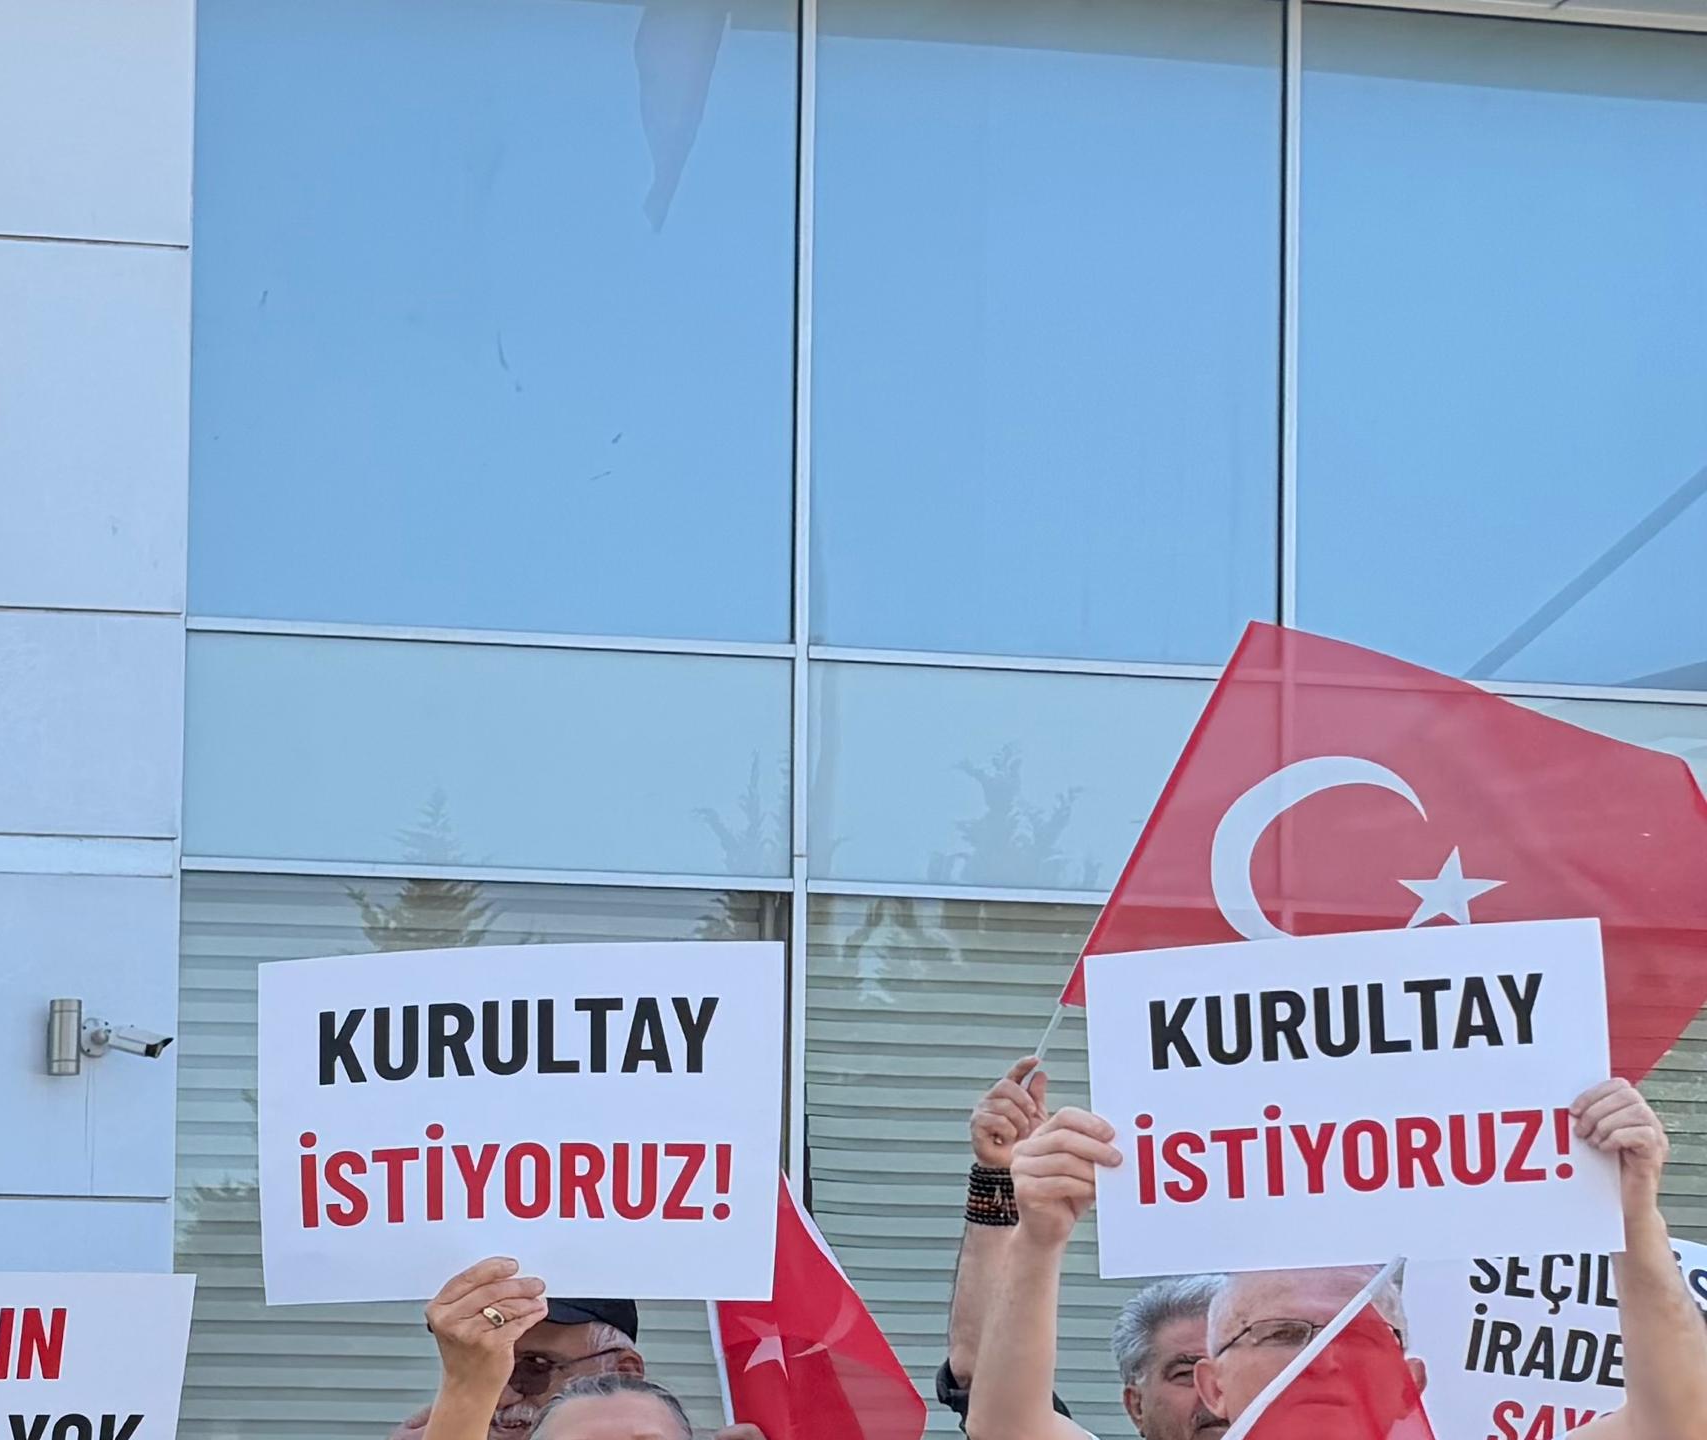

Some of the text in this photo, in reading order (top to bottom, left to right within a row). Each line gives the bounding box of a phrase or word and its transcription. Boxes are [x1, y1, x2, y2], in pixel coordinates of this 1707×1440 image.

[320, 997, 719, 1085] KURULTAY
[1150, 973, 1542, 1070] KURULTAY
[300, 1124, 731, 1228] İSTİYORUZ!
[1135, 1105, 1576, 1204] İSTİYORUZ!
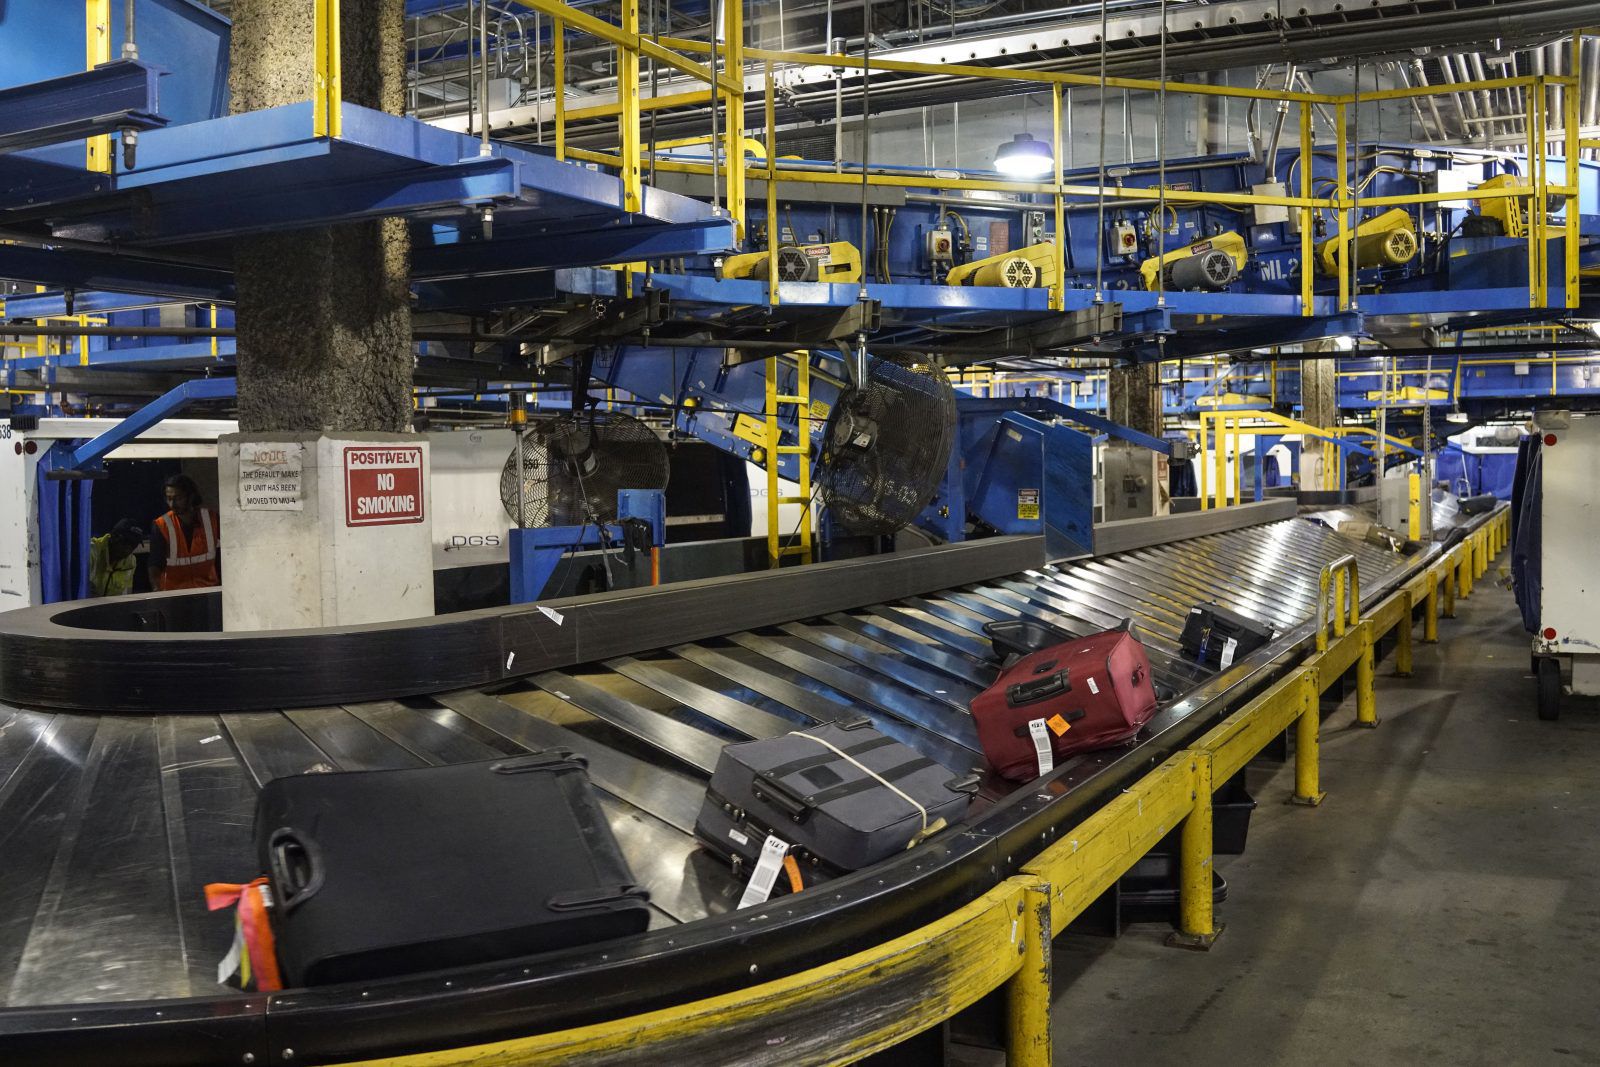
+ + + + + + +
▶ **Exercise instructions**
Every entry above should be restated word for word, with the images left out.

▶ **Task response**
Some of the text in this photo, in reading order (top to bottom, left to right within a row). Each line gives the bounding box of a phrase or word and its transcription. Boxes are [x1, y1, x2, y2], in pixel coordinates of this 1707×1440 image.

[320, 997, 719, 1085] KURULTAY
[1150, 973, 1542, 1070] KURULTAY
[300, 1124, 731, 1228] İSTİYORUZ!
[1135, 1105, 1576, 1204] İSTİYORUZ!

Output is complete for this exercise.